5. Het is aan eiser om concrete feiten en omstandigheden aan te dragen voor de conclusie dat ten aanzien van Spanje niet kan worden uitgegaan van het interstatelijk vertrouwensbeginsel kan worden uitgegaan. Het beroep van eiser op het AIDA rapport van 20 maart 2019 slaagt in dat verband niet. Uit dit rapport blijkt weliswaar dat het voorgekomen is dat teruggekeerde Dublinclaimanten in Spanje de toegang tot de opvang werd geweigerd, maar ook dat nadien door het Spaanse Tribunal Superior de Justitia is bepaald dat alle Dublinclaimanten tot de opvangvoorzieningen moeten worden toegelaten. Wanneer Spanje zich ten aanzien van eiser niet aan zijn internationale verplichtingen mocht houden, ligt het op de weg van eiser om daarover in Spanje te klagen bij de (hogere) autoriteiten of de daartoe geëigende instanties.
6. Voor zover eiser daarnaast heeft verwezen naar zijn zienswijze en zijn verklaringen tijdens het aanmeldgehoor, geldt dat verweerder daarop gemotiveerd is ingegaan in het voornemen en het bestreden besluit.

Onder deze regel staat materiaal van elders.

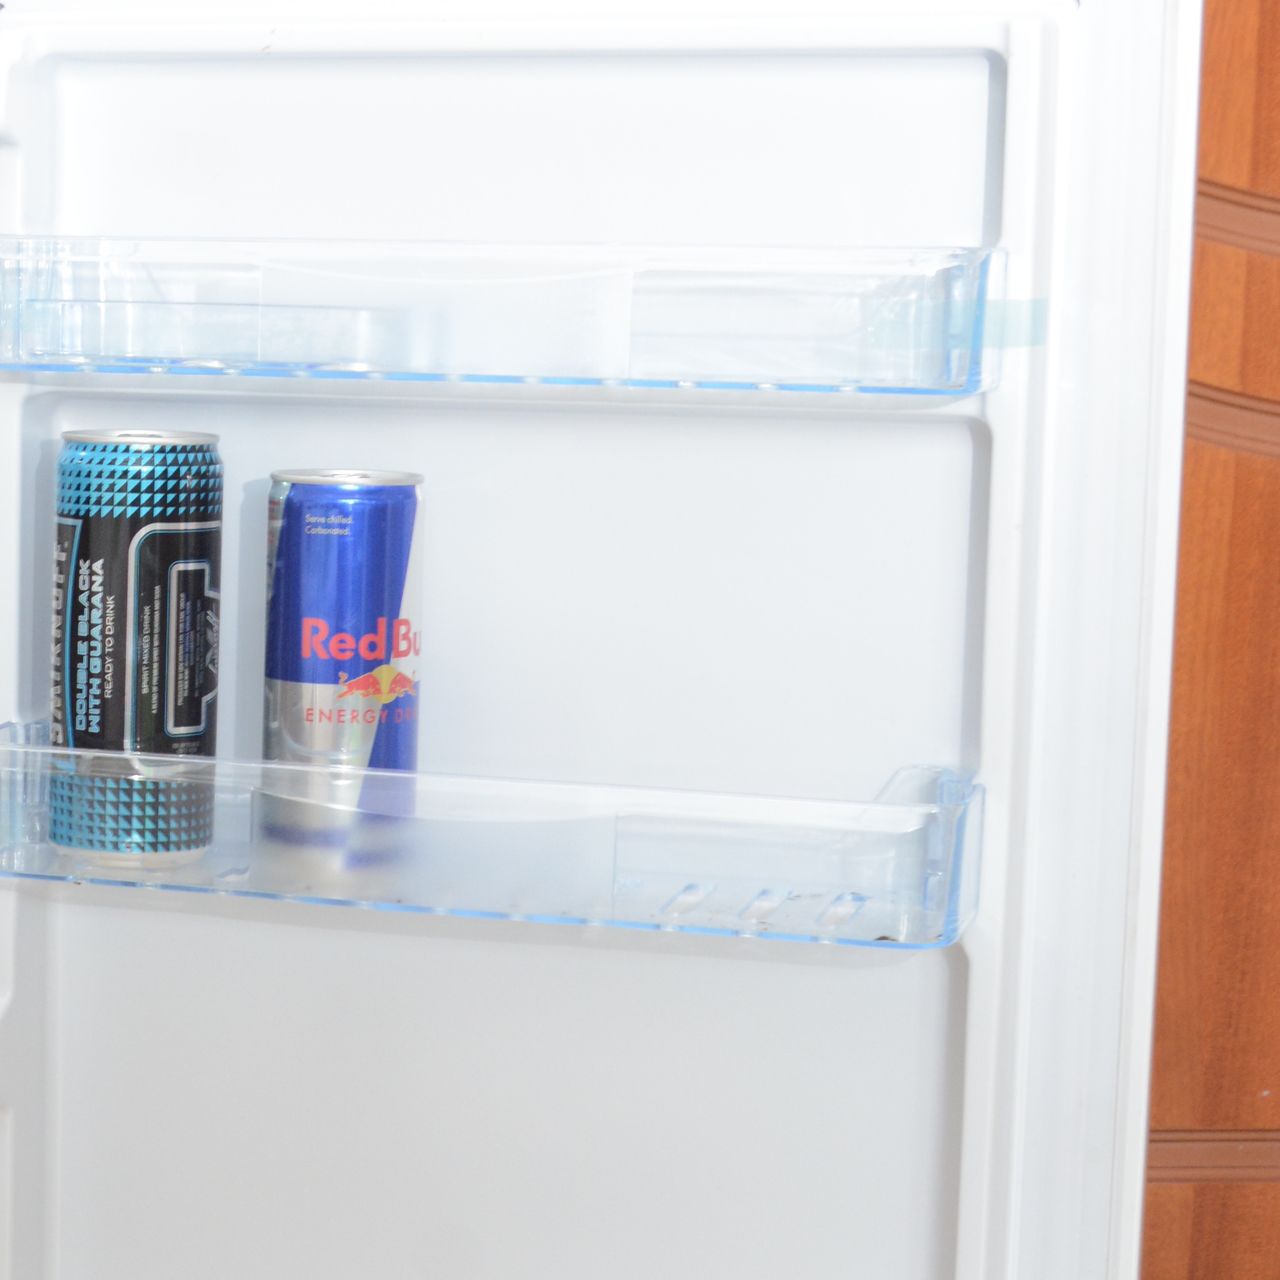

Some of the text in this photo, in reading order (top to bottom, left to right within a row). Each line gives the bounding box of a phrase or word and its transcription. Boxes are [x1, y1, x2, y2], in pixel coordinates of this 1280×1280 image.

[305, 515, 326, 524] Serve
[75, 559, 91, 732] DOUBLE BLACK
[88, 558, 104, 734] WITH GUARANA
[103, 595, 115, 698] READY TO DRINK
[141, 605, 152, 694] SPIRIT MIXED DRINK
[301, 617, 387, 660] Red
[304, 707, 418, 724] ENERGY DR
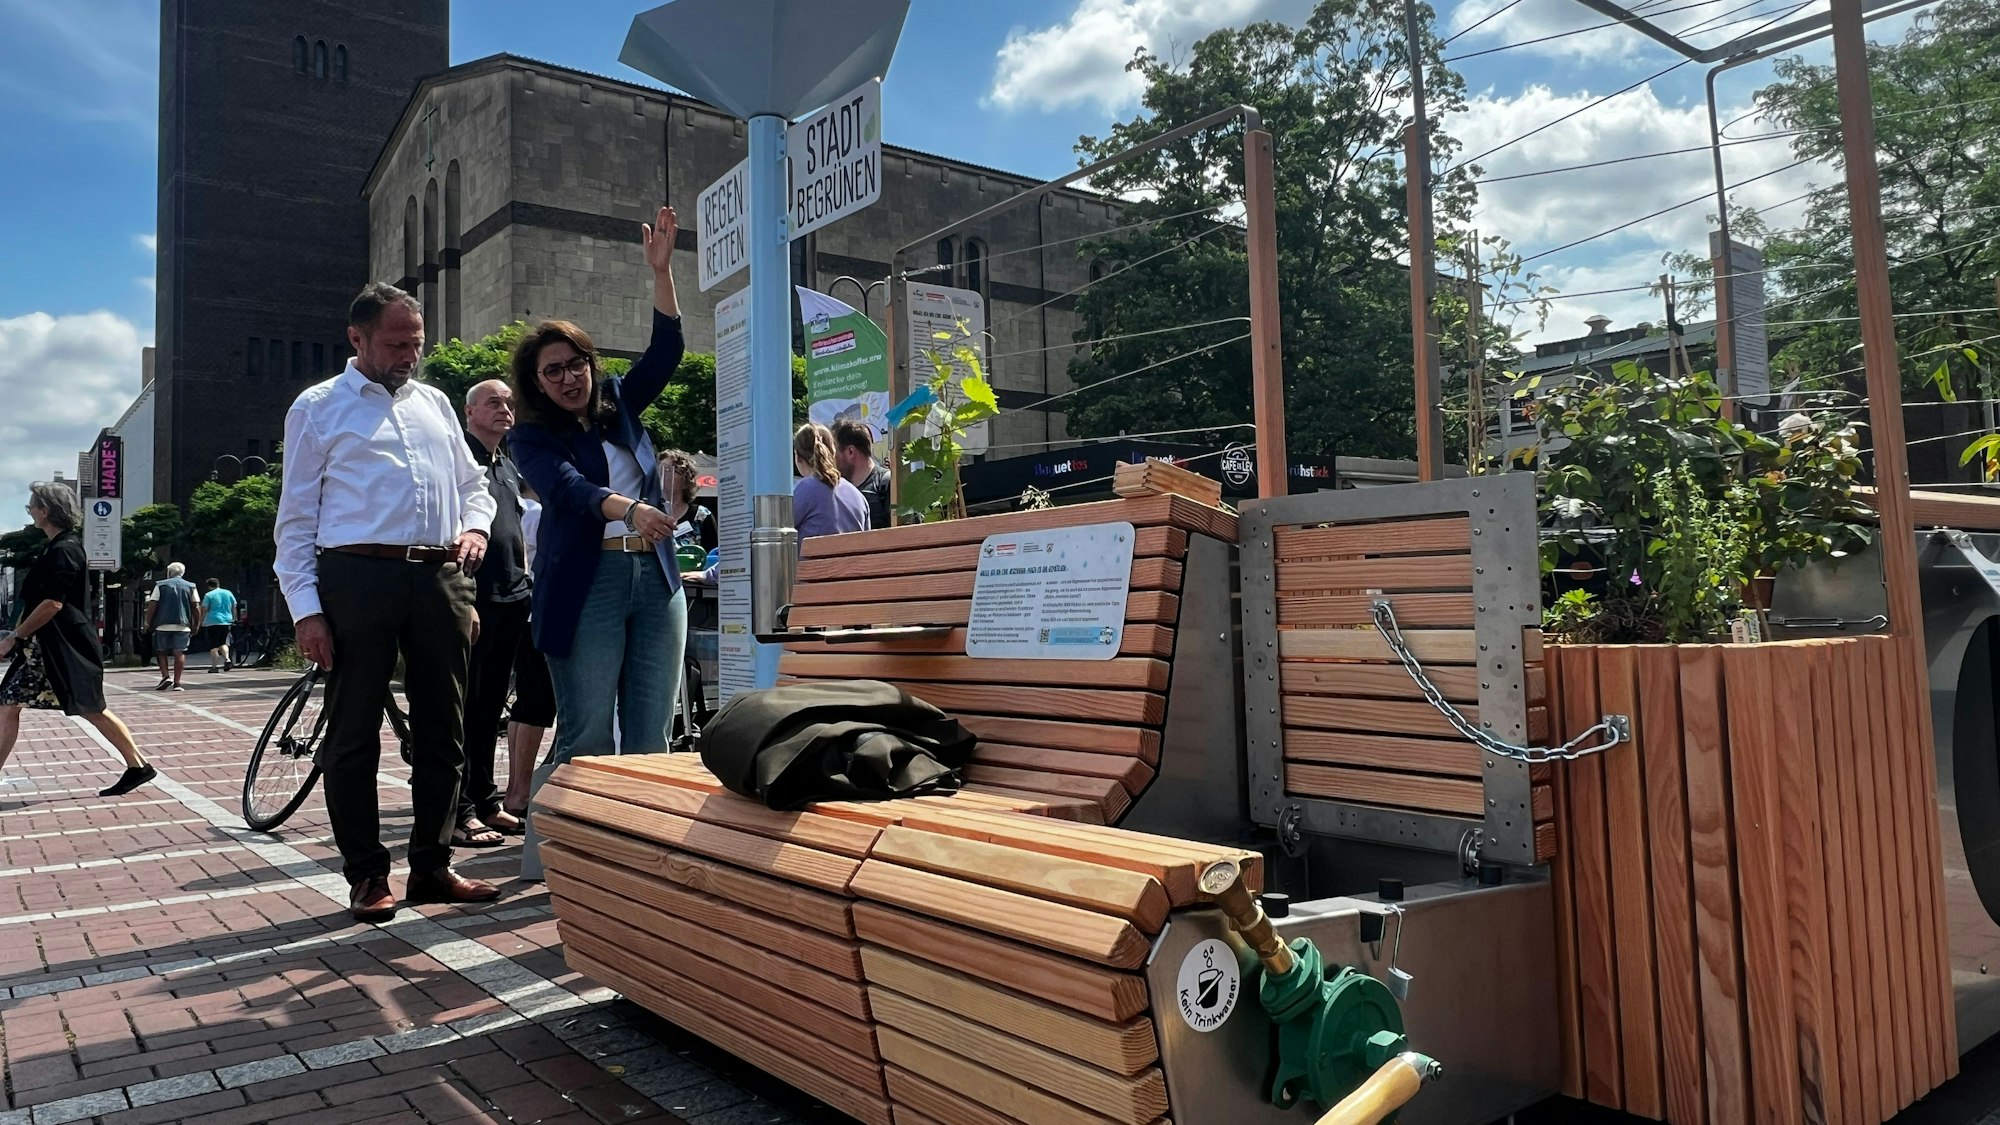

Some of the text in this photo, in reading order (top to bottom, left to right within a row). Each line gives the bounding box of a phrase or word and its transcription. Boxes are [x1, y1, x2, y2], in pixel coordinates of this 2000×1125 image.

[806, 95, 864, 175] STADT
[704, 170, 743, 239] REGEN
[797, 150, 876, 229] BEGRÜNEN
[706, 223, 744, 280] RETTEN
[1180, 977, 1237, 1028] Kein Trinkwasser
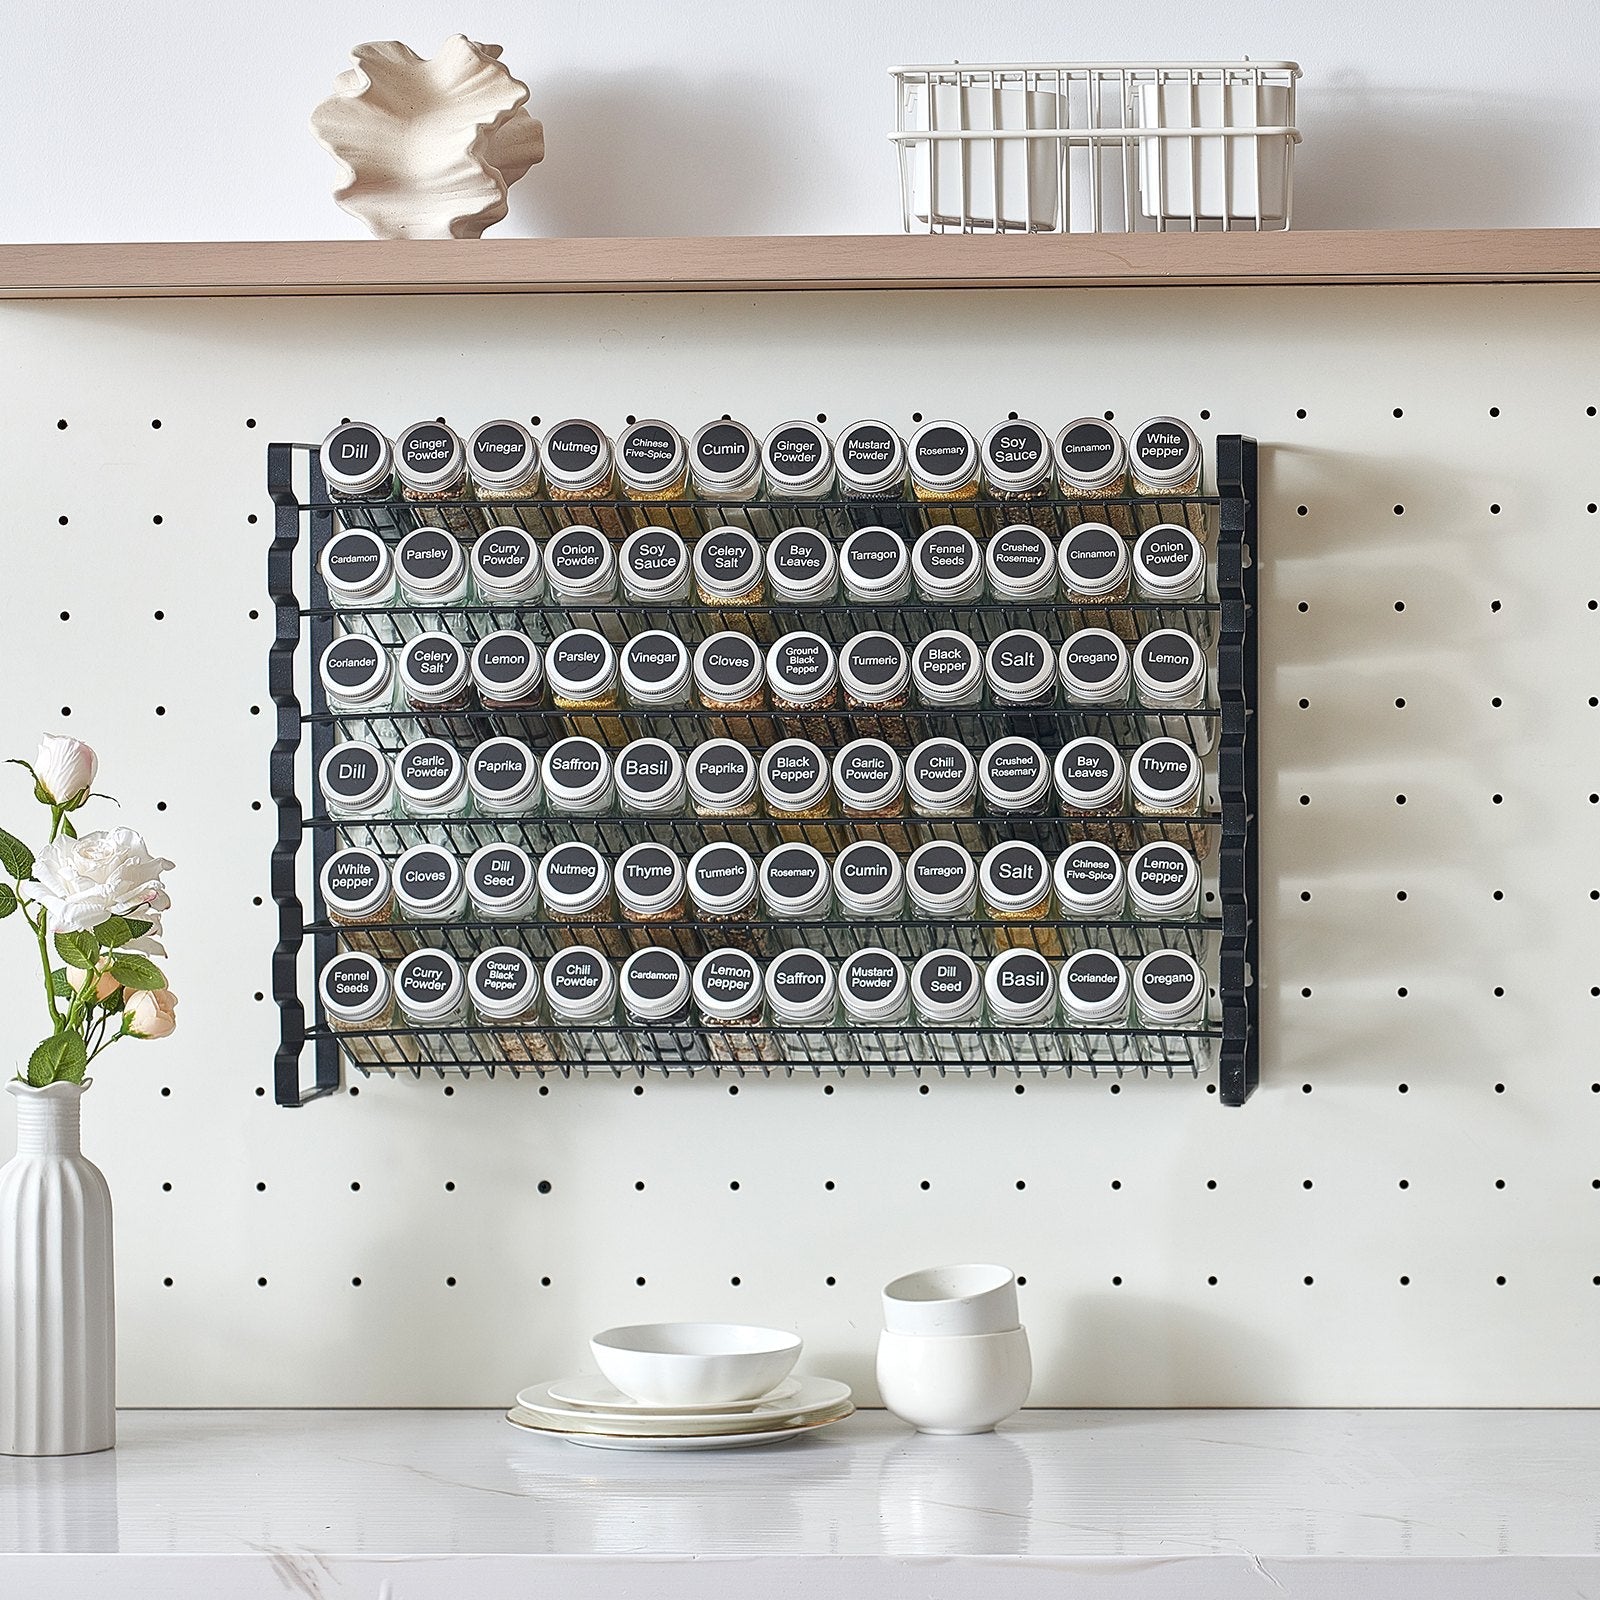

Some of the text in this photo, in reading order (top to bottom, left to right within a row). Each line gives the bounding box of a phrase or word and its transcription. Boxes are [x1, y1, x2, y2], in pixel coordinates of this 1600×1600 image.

[409, 439, 448, 451] Ginger
[632, 437, 669, 449] Chinese
[848, 439, 891, 450] Mustard
[1000, 436, 1027, 450] Soy
[1146, 433, 1181, 445] White
[341, 443, 369, 459] Dill
[477, 441, 524, 455] Vinegar
[552, 440, 599, 456] Nutmeg
[702, 442, 745, 456] Cumin
[776, 440, 815, 453] Ginger
[919, 446, 965, 456] Rosemary
[1065, 443, 1111, 454] Cinnamon
[1141, 447, 1184, 459] pepper
[407, 449, 450, 462] Powder
[625, 448, 673, 460] Five-Spice
[773, 451, 817, 463] Powder
[848, 450, 889, 461] Powder
[995, 450, 1038, 463] Sauce
[489, 543, 521, 556] Curry
[561, 544, 595, 556] Onion
[639, 544, 666, 557] Soy
[707, 545, 747, 559] Celery
[789, 544, 813, 558] Bay
[929, 543, 965, 554] Fennel
[1001, 542, 1040, 553] Crushed
[1150, 541, 1184, 553] Onion
[330, 554, 378, 564] Cardamom
[406, 547, 449, 561] Parsley
[482, 554, 526, 566] Powder
[556, 554, 600, 567] Powder
[850, 550, 897, 562] Tarragon
[931, 555, 965, 566] Seeds
[995, 553, 1043, 565] Rosemary
[1070, 550, 1116, 560] Cinnamon
[1145, 552, 1189, 565] Powder
[634, 557, 677, 570] Sauce
[714, 557, 739, 569] Salt
[779, 556, 821, 569] Leaves
[414, 650, 453, 664] Celery
[558, 650, 601, 664] Parsley
[785, 645, 819, 656] Ground
[928, 648, 962, 660] Black
[328, 657, 376, 669] Coriander
[484, 653, 525, 665] Lemon
[630, 651, 678, 665] Vinegar
[708, 654, 750, 668] Cloves
[789, 655, 815, 665] Black
[851, 655, 898, 666] Turmeric
[1000, 651, 1035, 667] Salt
[1068, 652, 1118, 665] Oregano
[1148, 651, 1190, 665] Lemon
[420, 662, 444, 674] Salt
[785, 665, 819, 676] Pepper
[923, 661, 967, 674] Pepper
[412, 755, 445, 767] Garlic
[477, 759, 523, 774] Paprika
[551, 757, 600, 771] Saffron
[776, 756, 810, 769] Black
[851, 757, 885, 769] Garlic
[929, 756, 954, 768] Chili
[995, 755, 1034, 766] Crushed
[1077, 755, 1100, 769] Bay
[1141, 757, 1188, 774] Thyme
[338, 763, 366, 779] Dill
[406, 766, 450, 778] Powder
[625, 760, 668, 776] Basil
[699, 762, 745, 776] Paprika
[845, 768, 889, 780] Powder
[920, 768, 964, 780] Powder
[991, 768, 1038, 778] Rosemary
[1067, 767, 1109, 778] Leaves
[771, 769, 816, 782] Pepper
[337, 863, 372, 875] White
[491, 859, 511, 872] Dill
[549, 862, 596, 878] Nutmeg
[844, 863, 888, 877] Cumin
[1072, 859, 1110, 870] Chinese
[1143, 857, 1185, 871] Lemon
[405, 870, 446, 883] Cloves
[626, 864, 673, 879] Thyme
[697, 863, 745, 879] Turmeric
[770, 868, 817, 878] Rosemary
[917, 865, 964, 878] Tarragon
[998, 863, 1034, 880] Salt
[1066, 869, 1114, 882] Five-Spice
[1140, 871, 1184, 884] pepper
[331, 877, 375, 890] pepper
[483, 874, 515, 887] Seed
[486, 960, 521, 972] Ground
[565, 964, 591, 976] Chili
[709, 963, 752, 978] Lemon
[851, 966, 894, 977] Mustard
[937, 965, 957, 977] Dill
[334, 970, 370, 982] Fennel
[411, 966, 444, 980] Curry
[488, 969, 515, 981] Black
[630, 969, 678, 981] Cardamom
[776, 971, 824, 985] Saffron
[1001, 970, 1045, 987] Basil
[1069, 972, 1119, 983] Coriander
[1144, 973, 1194, 986] Oregano
[403, 976, 447, 992] Powder
[483, 978, 518, 991] Pepper
[555, 975, 599, 987] Powder
[706, 976, 751, 992] pepper
[851, 977, 893, 988] Powder
[930, 980, 962, 992] Seed
[335, 982, 369, 994] Seeds

Eiser heeft niet onderbouwd in welk opzicht verweerders motivering niet juist zou zijn.
7. Verweerder heeft in hetgeen door eiser is aangevoerd dan ook geen reden hoeven zien om de behandeling van de asielaanvraag aan zich te trekken met toepassing van artikel 17 van de Dublinverordening.
8. Het beroep is ongegrond.
9. Voor een proceskostenveroordeling bestaat geen aanleiding.

Beslissing

De rechtbank verklaart het beroep ongegrond.
Deze uitspraak is gedaan door mr. J.F.I. Sinack, rechter, in aanwezigheid van mr. J.A.B. Koens, griffier.
Deze uitspraak is in het openbaar gedaan en bekendgemaakt op:
Rechtsmiddel
Tegen deze uitspraak kan hoger beroep worden ingesteld bij de Afdeling bestuursrechtspraak van de Raad van State binnen één week na de dag van bekendmaking.

Voetnoten

1.Artikel 8:57 van de Algemene wet bestuursrecht (Awb)
2.Verordening (EU) nr. 604/2013
3.www.asylumineurope.org/sites/default/files/report-download/aida_es_2018update.pdf, pagina 34
4.Richtlijn 2011/95/EU (Kwalificatierichtlijn), Richtlijn 2013/32/EU (Procedurerichtlijn) en Richtlijn 2013/33/EU (Opvangrichtlijn).